[Saved data entries]
----

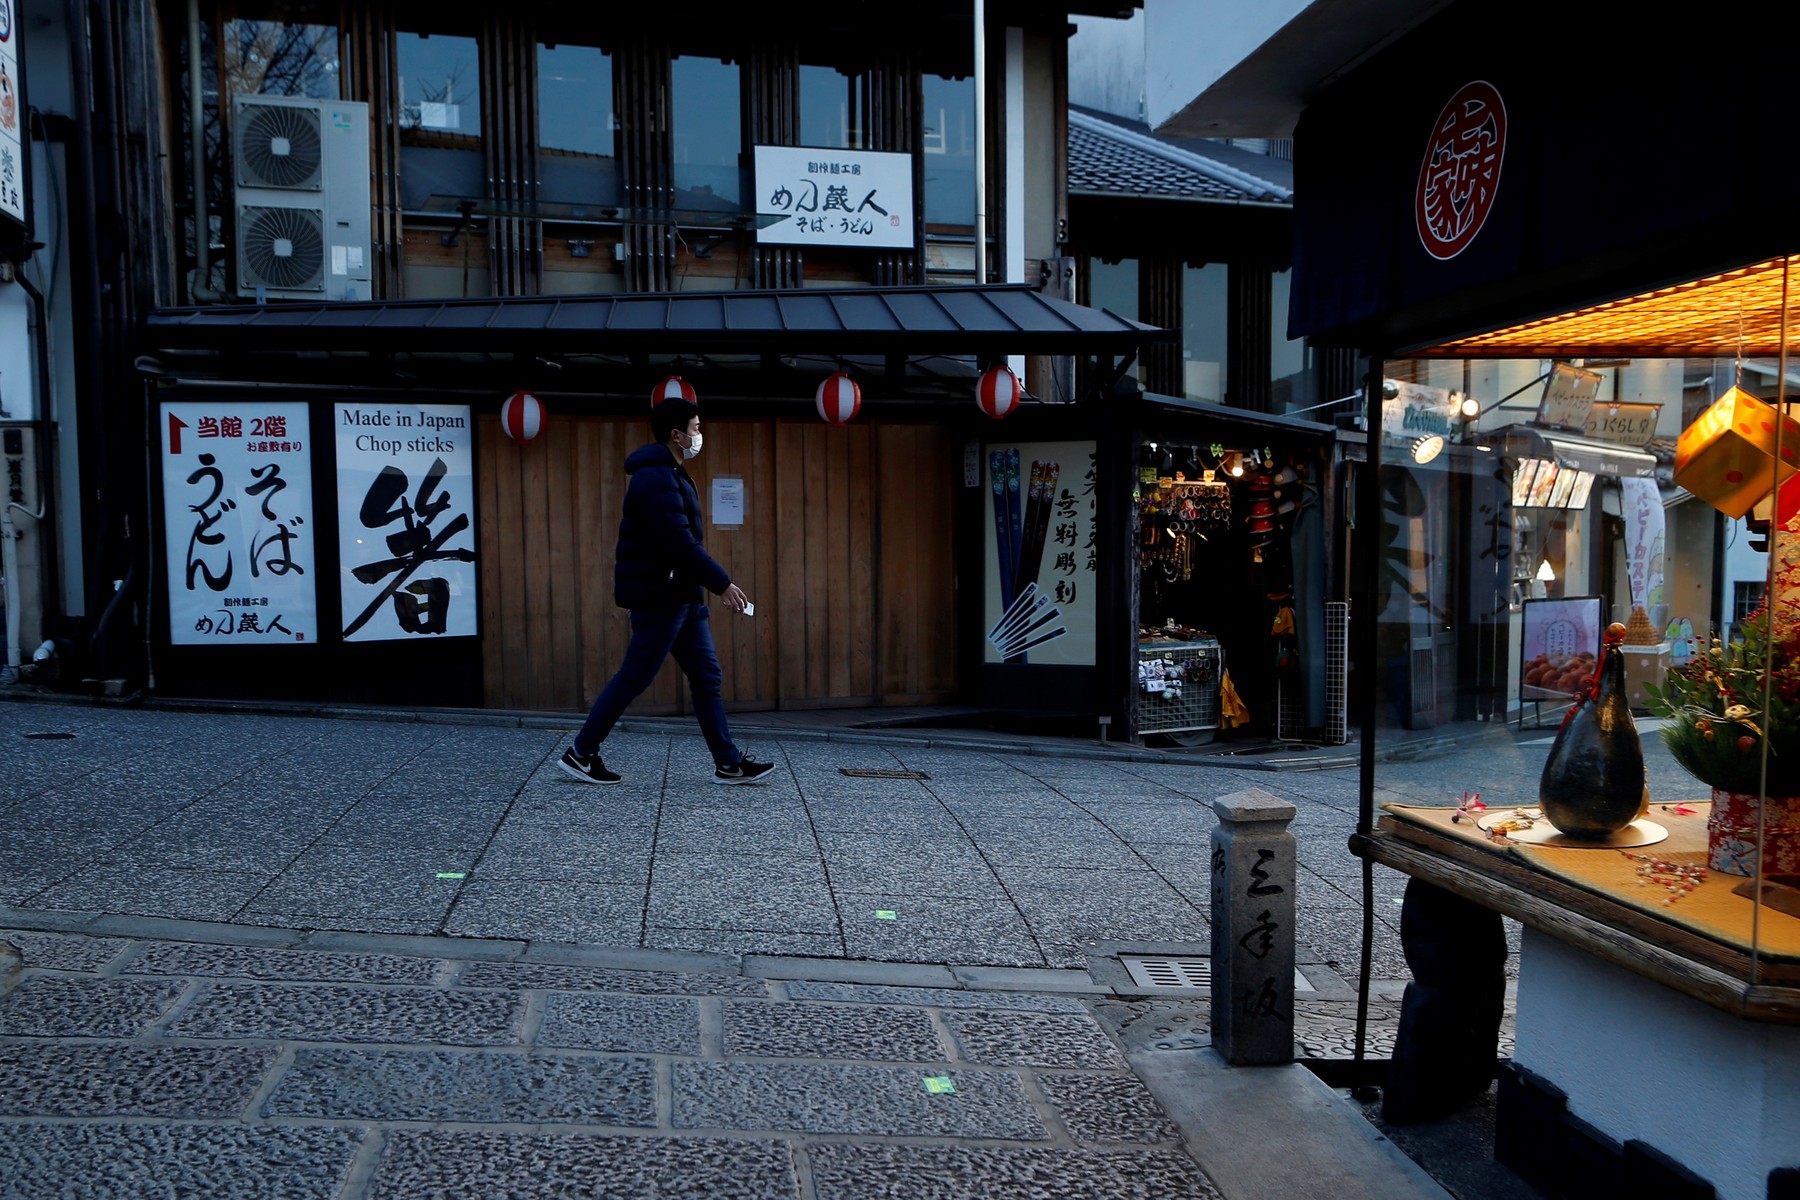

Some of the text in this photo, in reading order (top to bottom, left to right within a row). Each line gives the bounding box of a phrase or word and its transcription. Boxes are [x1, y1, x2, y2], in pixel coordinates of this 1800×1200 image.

[808, 161, 862, 176] 創作麺工房
[770, 178, 889, 217] めん蔵人
[796, 216, 873, 235] そば・うどん
[197, 415, 287, 439] 当館 2階
[343, 409, 466, 432] Made in Japan
[246, 441, 303, 453] お座敷有り
[356, 435, 455, 457] Chop sticks
[186, 453, 237, 592] うどん
[245, 463, 305, 578] そば
[343, 457, 476, 639] 箸
[1054, 488, 1080, 605] 無料彫刻
[194, 609, 292, 636] めん蔵人
[1240, 849, 1288, 1023] 三年坂
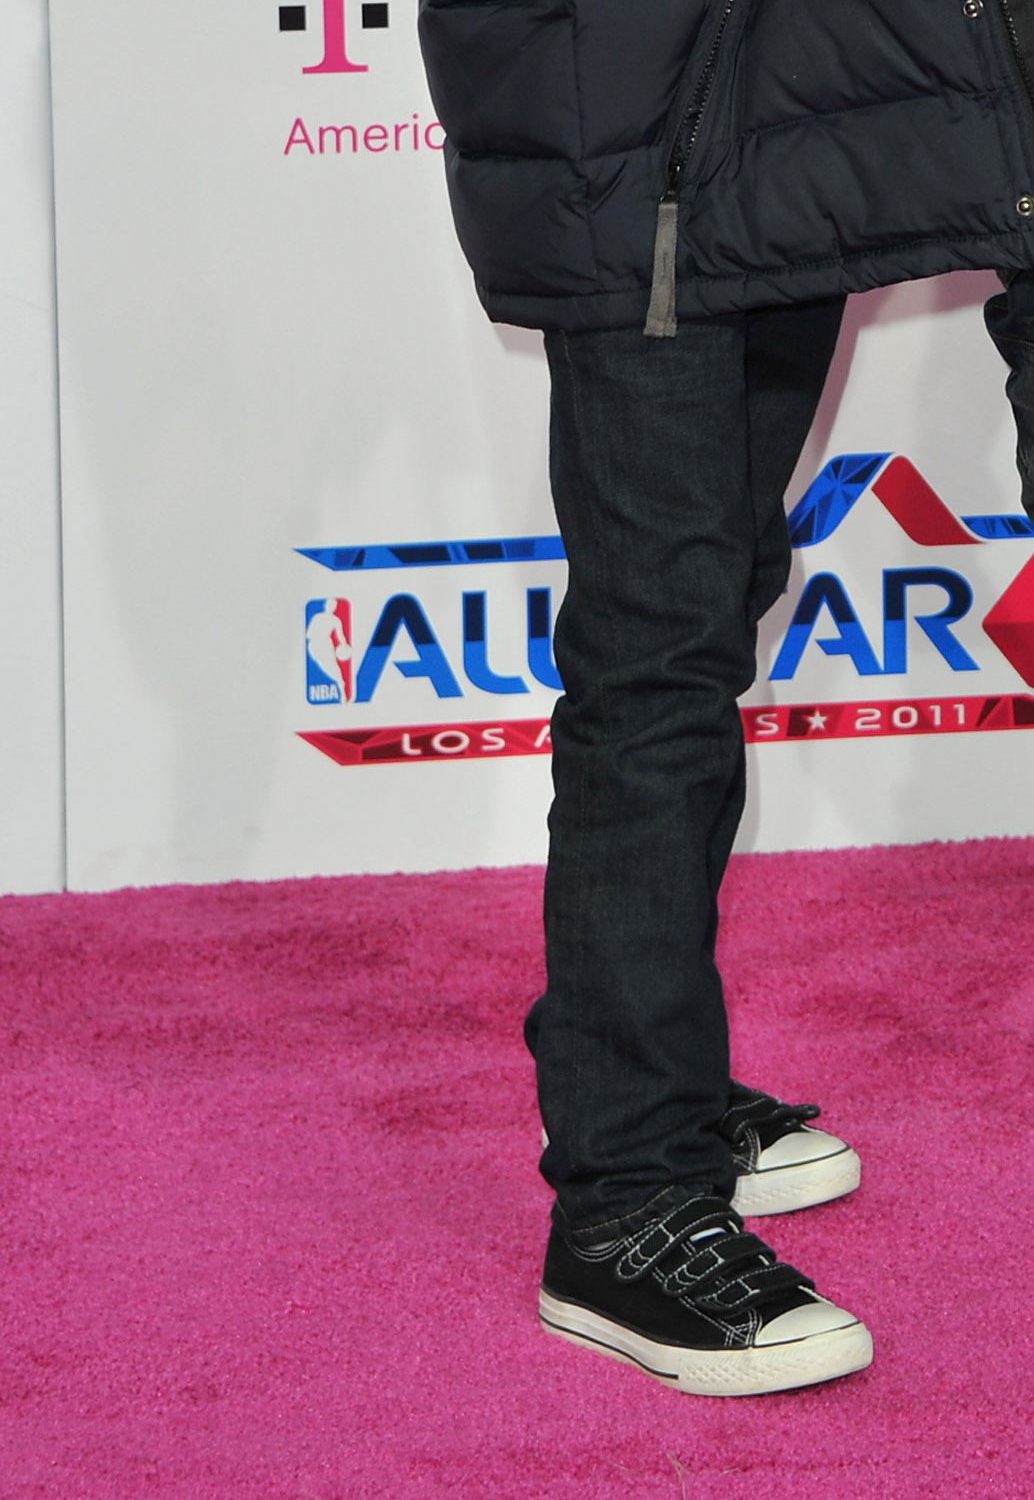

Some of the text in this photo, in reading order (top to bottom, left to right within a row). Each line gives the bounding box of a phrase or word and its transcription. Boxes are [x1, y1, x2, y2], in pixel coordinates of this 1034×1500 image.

[283, 113, 444, 155] Americ
[767, 565, 981, 681] AR
[310, 683, 340, 702] NBA
[854, 703, 966, 731] 2011
[401, 727, 506, 756] LOS

----

All of the entries above are to be duplicated exactly, with every image left out.

▶ FINISHED EXERCISE
Some of the text in this photo, in reading order (top to bottom, left to right within a row). Each line gives the bounding box of a phrase or word and its transcription. Boxes are [x1, y1, x2, y2], in pixel coordinates of this 1800×1200 image.

[808, 161, 862, 176] 創作麺工房
[770, 178, 889, 217] めん蔵人
[796, 216, 873, 235] そば・うどん
[197, 415, 287, 439] 当館 2階
[343, 409, 466, 432] Made in Japan
[246, 441, 303, 453] お座敷有り
[356, 435, 455, 457] Chop sticks
[186, 453, 237, 592] うどん
[245, 463, 305, 578] そば
[343, 457, 476, 639] 箸
[1054, 488, 1080, 605] 無料彫刻
[194, 609, 292, 636] めん蔵人
[1240, 849, 1288, 1023] 三年坂

Some of the text in this photo, in reading order (top to bottom, left to right within a row). Each line gives the bounding box of a phrase or word and its transcription. Boxes are [x1, y1, x2, y2], in pixel coordinates of this 1034×1500 image.

[283, 113, 444, 155] Americ
[767, 565, 981, 681] AR
[310, 683, 340, 702] NBA
[854, 703, 966, 731] 2011
[401, 727, 506, 756] LOS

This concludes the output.